- Dataset entries

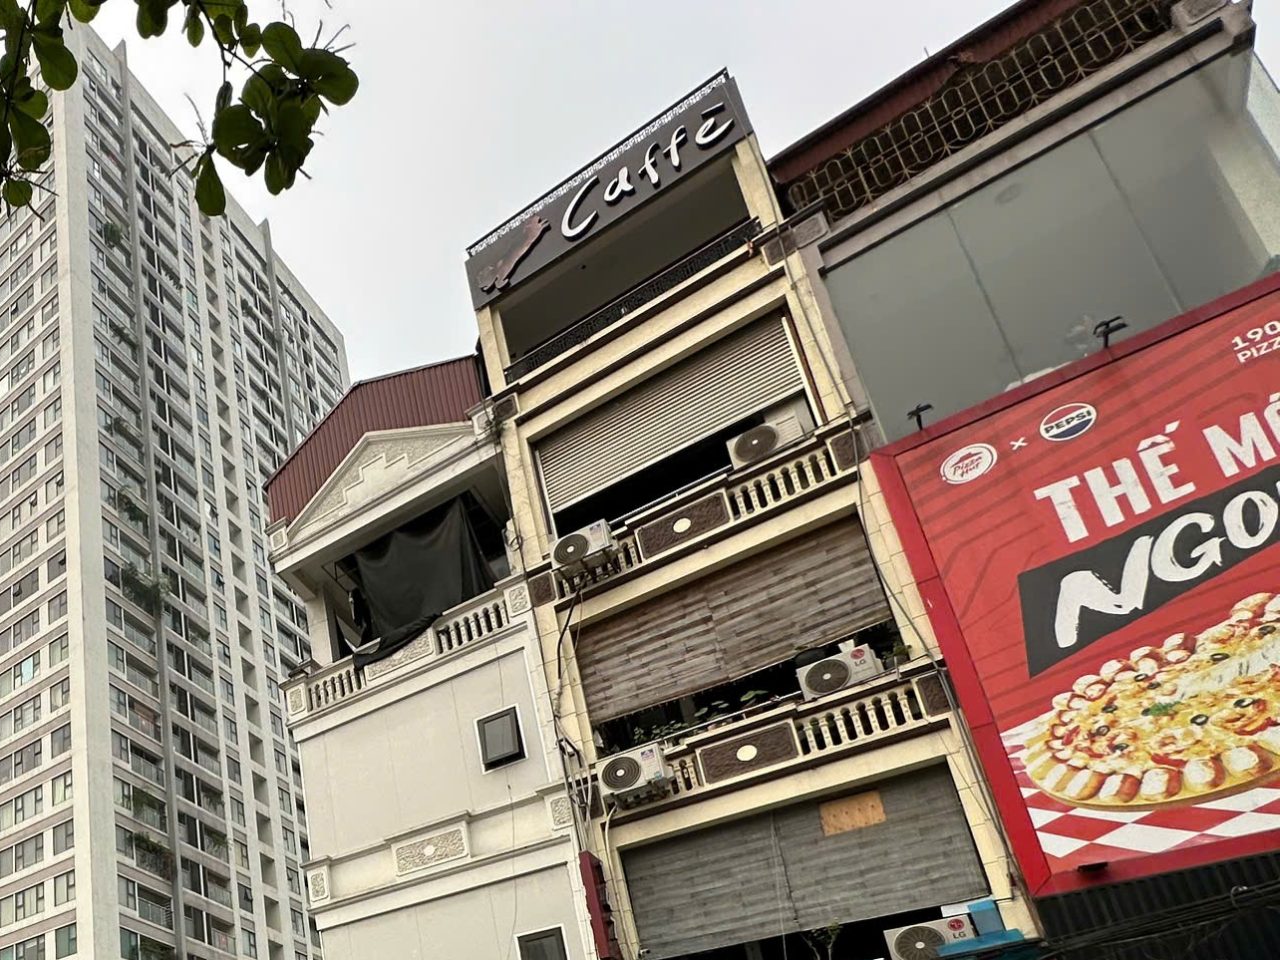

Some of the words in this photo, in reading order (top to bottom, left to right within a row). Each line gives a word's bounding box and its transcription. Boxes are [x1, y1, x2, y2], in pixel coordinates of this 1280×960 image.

[1044, 409, 1093, 434] PEPSI
[952, 456, 983, 476] Pizza
[960, 463, 981, 479] Hut
[1033, 420, 1196, 543] THẾ
[1054, 480, 1280, 648] NGO
[854, 659, 866, 668] LG
[952, 931, 966, 939] LG

- TASK
Copy every line of the data exactly as written, excluding the pictures.

- SOLVED PROBLEM
Some of the words in this photo, in reading order (top to bottom, left to right within a row). Each line gives a word's bounding box and its transcription. Boxes are [x1, y1, x2, y2], in pixel coordinates of this 1280×960 image.

[1044, 409, 1093, 434] PEPSI
[952, 456, 983, 476] Pizza
[960, 463, 981, 479] Hut
[1033, 420, 1196, 543] THẾ
[1054, 480, 1280, 648] NGO
[854, 659, 866, 668] LG
[952, 931, 966, 939] LG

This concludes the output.